Most of us know what calling out is -- to verbally hold someone accountable for their words or actions (thanks Urban Dictionary). For example, someone says something that doesn't sit right with you, you think it is wrong, and you may want them held accountable. In this situation, most of us choose to take one of two approaches:
We stay silent because we aren't really sure where to begin, and in today's climate, we might even be afraid of becoming the next target. We may inadvertently send the message that we agree with the comment by saying nothing. And, by hiding our true selves in silence, we may feel ashamed.
We call out, saying something like, "I cannot believe you just said that," and by blaming and shaming, we shut down the conversation. Calling out may invite a fight and worsen the situation because the other person feels humiliated.
Neither approach leads to widespread community engagement or more profound understanding. In fact, both approaches result in missed opportunities to learn, grow, and connect.
Raise Your Hand is committed to practicing a third option - "calling in".

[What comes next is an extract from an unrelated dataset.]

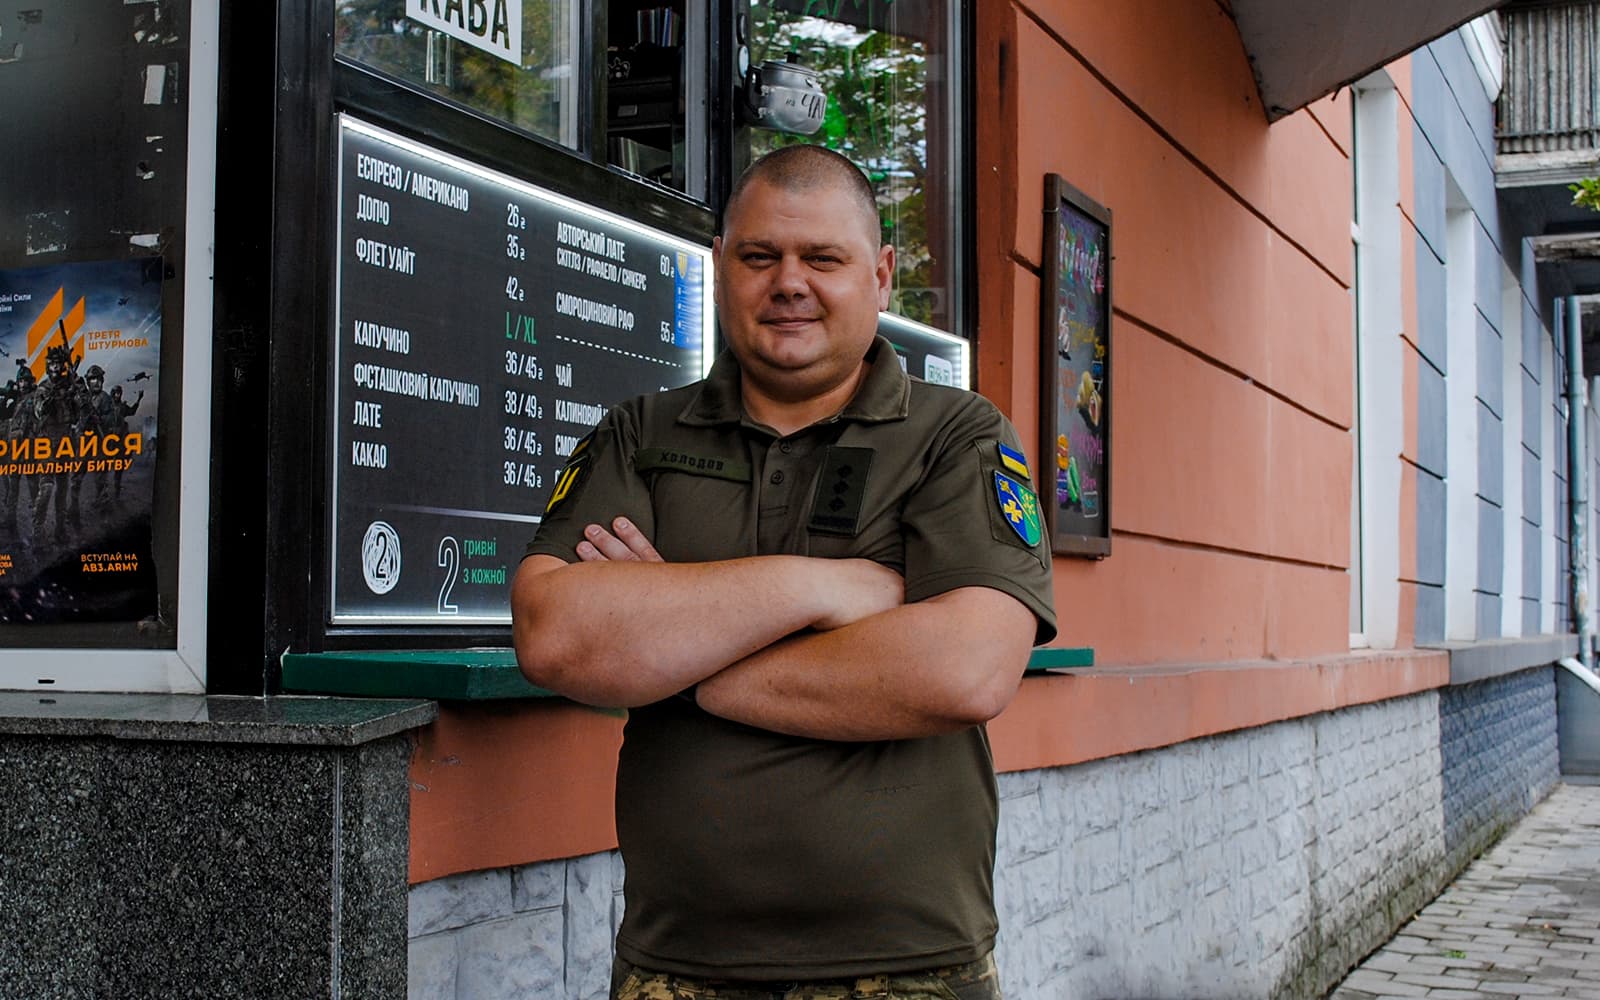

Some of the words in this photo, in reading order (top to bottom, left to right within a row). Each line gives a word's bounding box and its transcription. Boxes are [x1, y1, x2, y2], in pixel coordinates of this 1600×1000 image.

A call-in is done with curiosity, kindness, and, sometimes, love. When someone says something (online or in-person) that doesn't sit right, a call in calmly invites conversation and demonstrates a commitment to compassion and empathy. Examples of call-ins:
"That's an interesting viewpoint; tell me more."
"I'd like to better understand where you are coming from; tell me more."
"I may not agree, but I would like to learn what you think."
Everyone deserves to be heard and respected. You don't have to agree with someone to admit that they are as complicated as you are!